Portuguese: Cão que ladra não morde.


----------



## dn88

*Polish*: Pies, który szczeka, nie gryzie.


----------



## FranParis

Outsider said:


> Portuguese: Cão que ladra não morde.


 
...enquanto ladra. (Provérbios dos quais só eu sei o fim )


----------



## Nizo

In Esperanto:

_Bojanta hundo ne mordas_  (a barking dog doesn't bite).  This expression can be found in Esperanto from the early 1900s.


----------



## kusurija

In Czech:
Pes, který štěká, nekouše.

In Lithuanian:
Šuo, kuris loja, nekanda.


----------



## Keiria

Fernita said:


> Spanish:
> "Perro que ladra, no muerde."


In Spanish I've always heard: Perro ladrador, poco mordedor.

In Catalan:
Com més por té el ca, més lladra.


----------



## kusurija

In Japanese: 
吠えて犬こそ噛まない[hoete inu koso kamanai]
As I'm not native, please repair my mistakes.

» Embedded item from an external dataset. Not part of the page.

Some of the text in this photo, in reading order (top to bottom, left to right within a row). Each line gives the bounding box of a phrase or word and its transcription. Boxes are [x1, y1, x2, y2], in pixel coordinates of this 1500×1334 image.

Thanks.


----------



## kusurija

kusurija said:


> In Japanese:
> 吠えて犬こそ(?)噛まない[hoete inu koso kamanai]
> As I'm not native, please repair my mistakes. Thanks.

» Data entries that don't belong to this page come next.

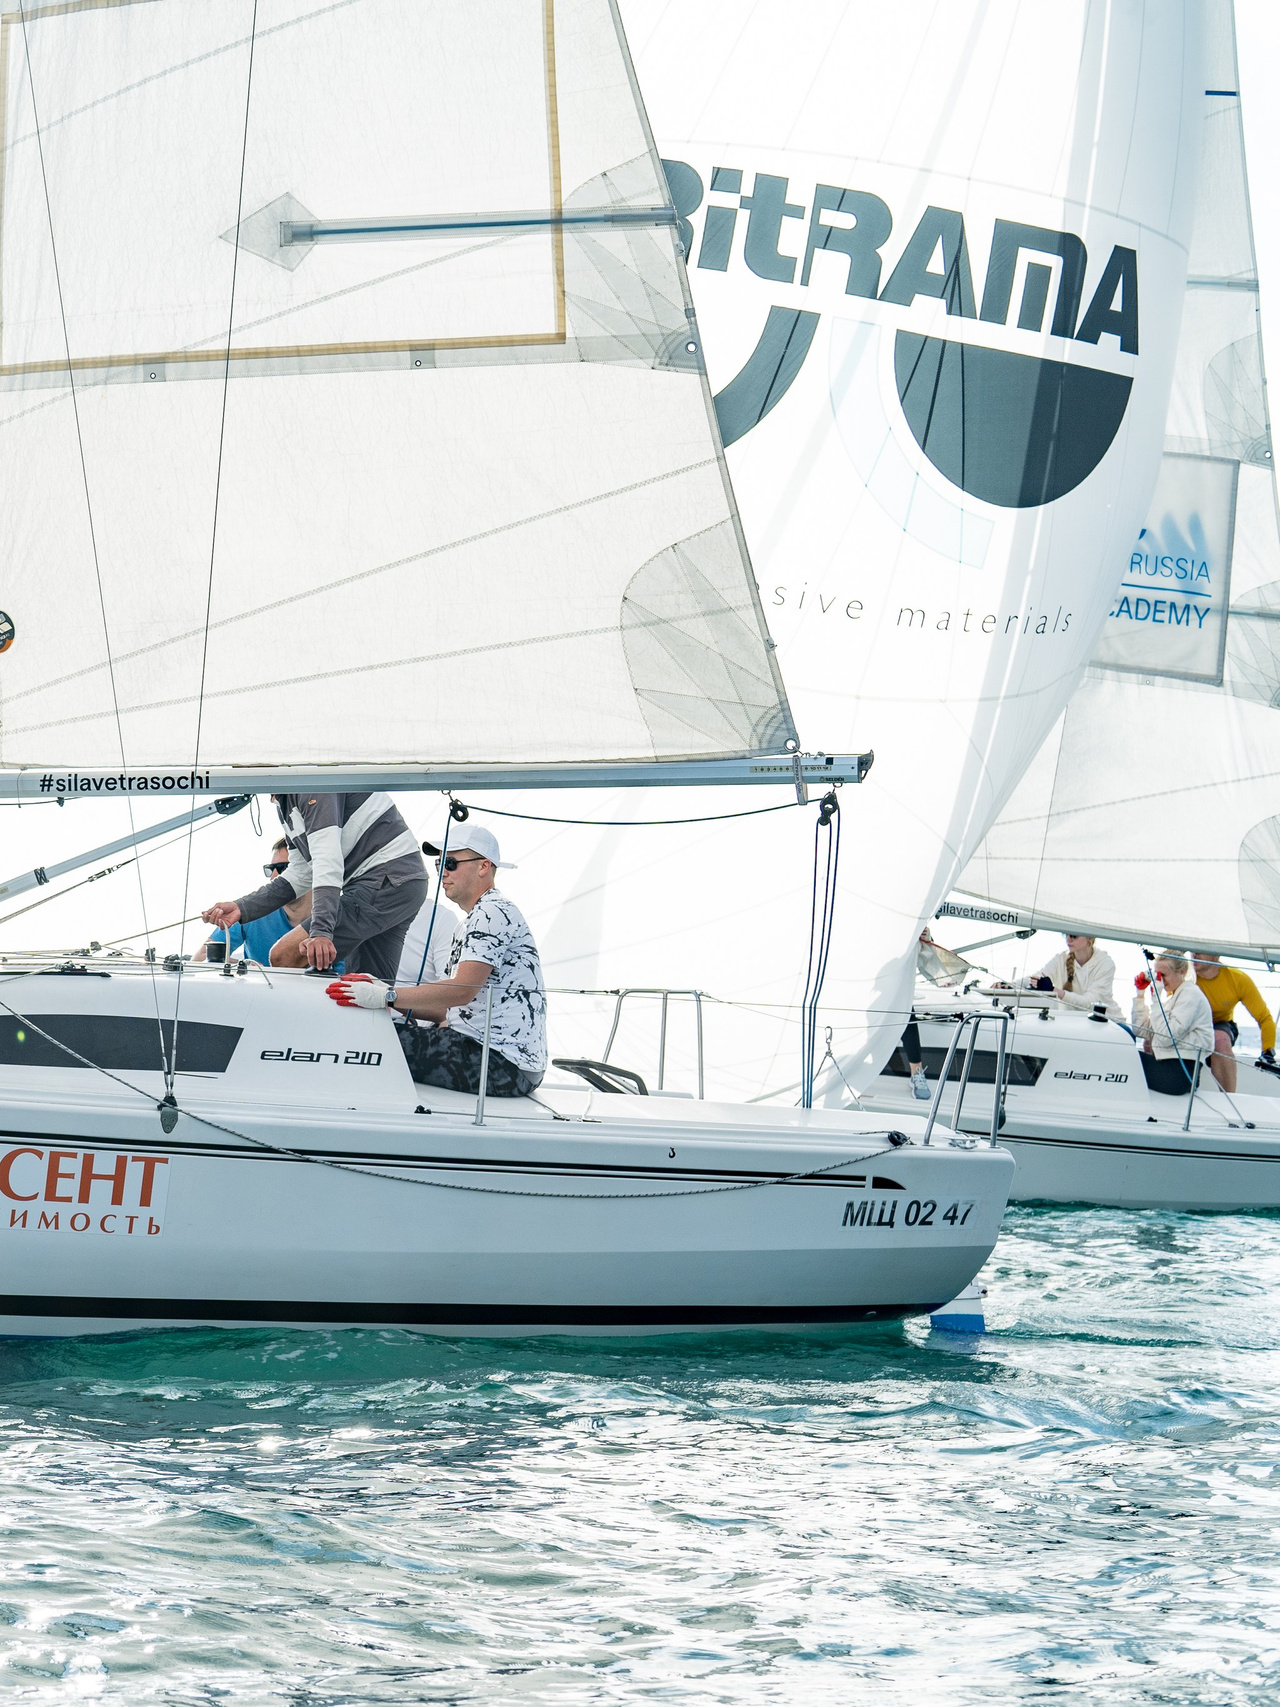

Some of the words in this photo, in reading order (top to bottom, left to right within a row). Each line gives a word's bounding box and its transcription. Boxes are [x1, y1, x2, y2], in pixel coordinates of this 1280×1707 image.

[1129, 552, 1211, 584] RUSSIA
[772, 582, 864, 620] sive
[896, 605, 1073, 635] materials
[1109, 596, 1211, 629] ADEMY
[39, 770, 210, 793] #silavetrasochi
[260, 1047, 340, 1064] elan
[344, 1050, 383, 1066] 210
[1053, 1070, 1102, 1082] elan
[1104, 1073, 1129, 1083] 210
[904, 1199, 938, 1227] 02
[942, 1198, 978, 1226] 47

As no one repaired my mistake, so I must do it. But I'm not sure, it'll be definitely good repair, so please, if 2-nd versions are repairable, just repair them.Thanks. Excuse me my mystification, please. 
吠える「吼える」犬は噛まない [hoeru inu wa kamanai]
or 吠える犬は滅多に噛み付かない[hoeru inu wa metta ni kamitsukanai] (barking dog(s) seldom bite).


----------



## Mjolnir

*Hebrew*: כלב נובח לא נושך


----------



## elroy

Arabic: الكلب الذي ينبح لا يعض


----------



## dana Haleana

Filipino: Ang asong tumatahol ay hindi nangangagat or hindi nangangagat ang asong tumatahol.


----------



## Flaminius

Japanese:
弱い犬ほどよく吠える。
Yowai inu hodo yoku hoeru.


----------



## Frank06

Hi,

In *Dutch*:
Blaffende honden bijten niet.

Groetjes,

Frank


----------



## sokol

jana.bo99 said:


> German:   Hunde die bellen, beißen nicht! (mehr als ein Hund)

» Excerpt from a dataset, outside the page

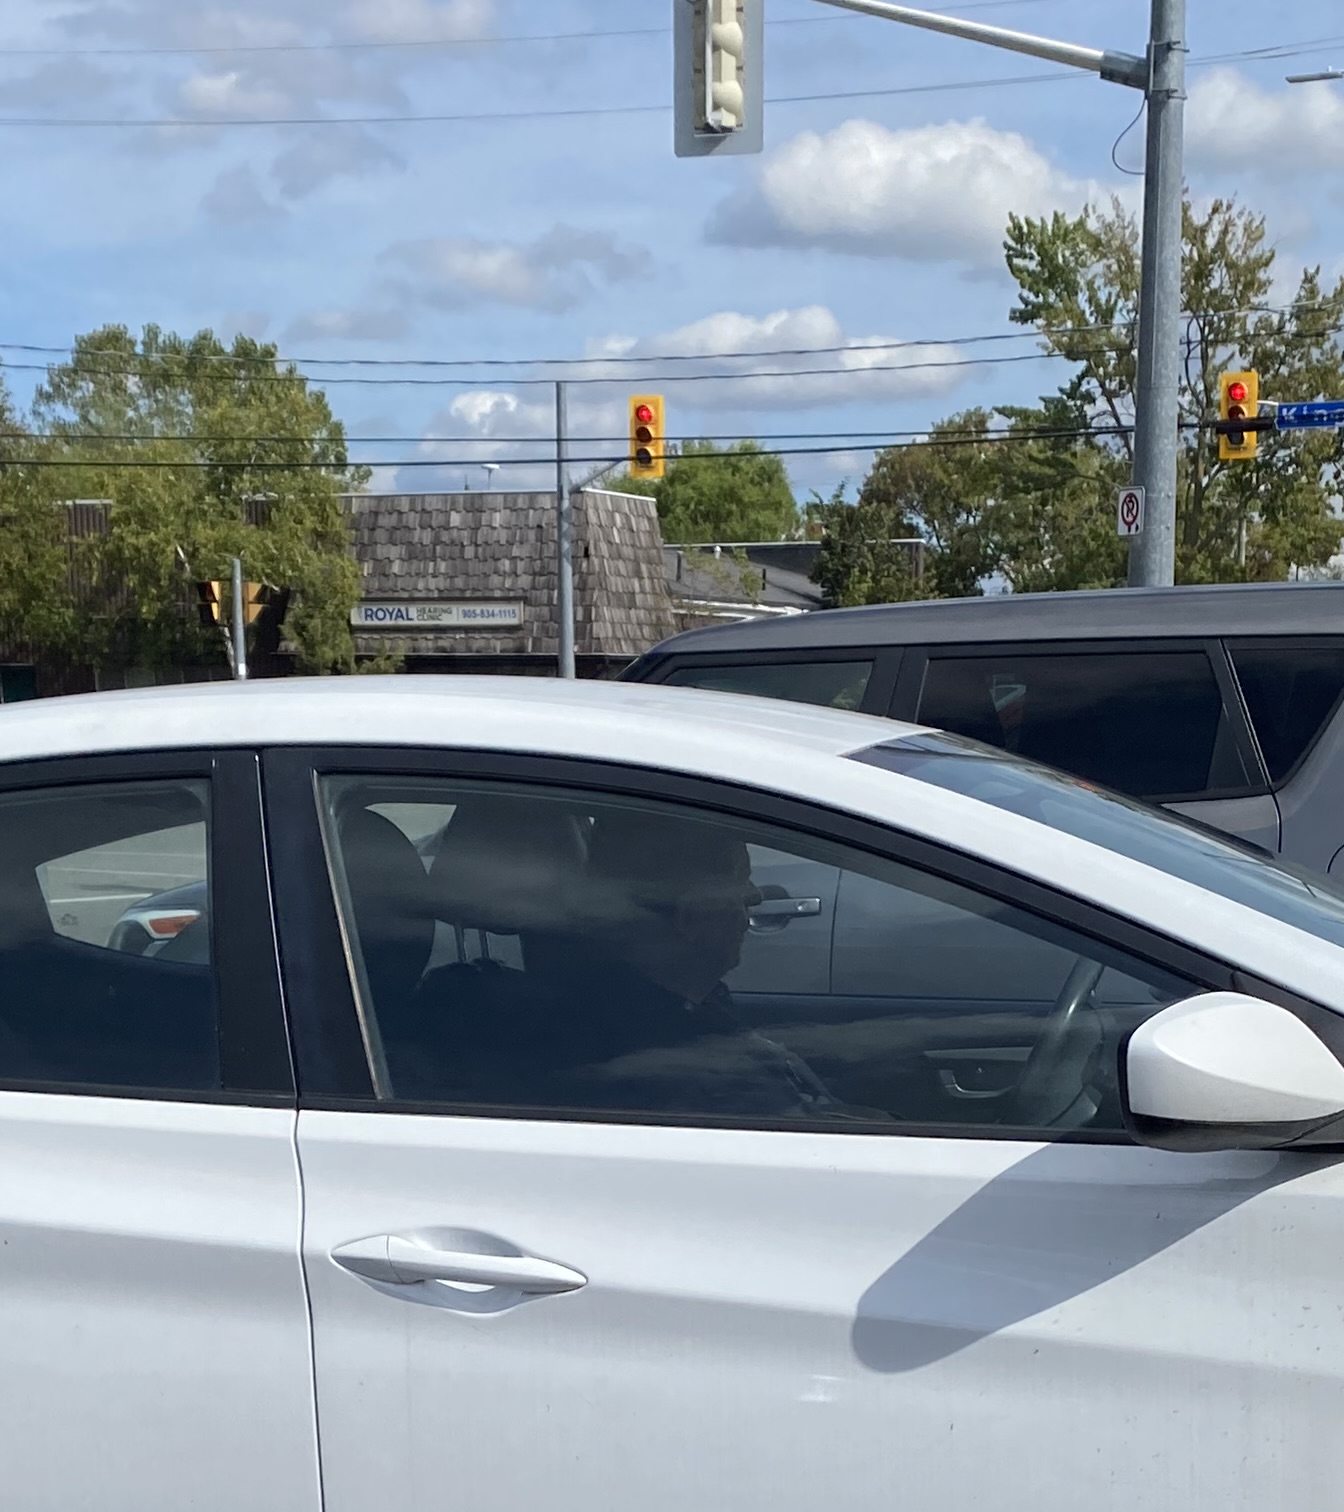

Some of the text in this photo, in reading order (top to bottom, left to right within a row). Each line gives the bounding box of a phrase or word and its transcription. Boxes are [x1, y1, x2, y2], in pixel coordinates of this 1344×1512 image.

[364, 606, 453, 621] ROYAL HEARING
[416, 614, 443, 622] CLINIC
[462, 608, 517, 619] 905-834-1115

Your German version is not incorrect and could be used even (that is, this version actually is used sometimes), but *much more common* is the following:

German: Bellende Hunde beissen nicht.


----------



## curtom79

In Chinese: 吠   犬       不   咬     人
              fei4 qiuan3 bu4 yao3 ren2


----------



## mataripis

Tagalog: 1.) Ang asong matahol ay hindi nangangagat.  2.) Ang Asong matakin ay hindi nanununggab.(southern Tagalog)


----------



## catlady60

English: His bark is worse than his bite_._


----------



## LilianaB

Dumbe hundas ne magon beorcan - Old English. I think this is where the proverb comes from. Correct me if my spelling is wrong because I have seen a few slightly different spellings. No , I am sorry. This is a *slightly different proverb*. This equivalent to: Dumb dogs do not bark. Dogs that cannot hear cannot bark. I am not sure if they had anything else about a barking dog in Old English. Daede hundas ne magon bitan.  Dead dogs cannot bite.


----------



## sakvaka

*Finnish*: _Haukkuva koira ei pure._ [A/the barking] dog doesn't bite.


----------



## apmoy70

In Greek:
«Σκύλος*[1]* που γαβγίζει*[2]* δεν δαγκώνει*[3]*»
/'scilos pu ɣav'jizi ðen ðaŋ'goni/
lit. "[a] dog that barks/is barking doesn't bite"
It's a loan-proverb from the French: _Chien qui aboie ne mord pas_

*[1]*«Σκύλος» ('scilos, _m._) is the Modern Greek name for the dog in the vernacular language.  Since the Hellenistic times the name «σκύλος» (initially «σκύλλος») gradually prevailed over the Classical one «κύων» ('kūōn, _m._) thus Hesychius in the 5th c. AD writes, _"σκύλλον τὴν κύνα λέγουσιν"_ ("they call the dog, a _'scyllos_"). Its etymology is obscure yet it shares a stunning resemblance with the Lithuanian word for the hound, _skalikas_.
*[2]*Verb «γαβγίζω» (ɣav'jizo); onomatopoetic verb (in Greek the dog barks «γαβ-γαβ», /ɣav-ɣav/).
*[3]*Verb «δαγκώνω»  (ðaŋ'gono). It derives from the Classical verb «δάκνω» ('dāknō)--> _to bite,sting_; «δάκνω» > «δακώνω» > «δαγκώνω».
PIE base *denk-, _to tear, rip to pieces_ (cf. Eng. _tough_, Ger. _zange_).


----------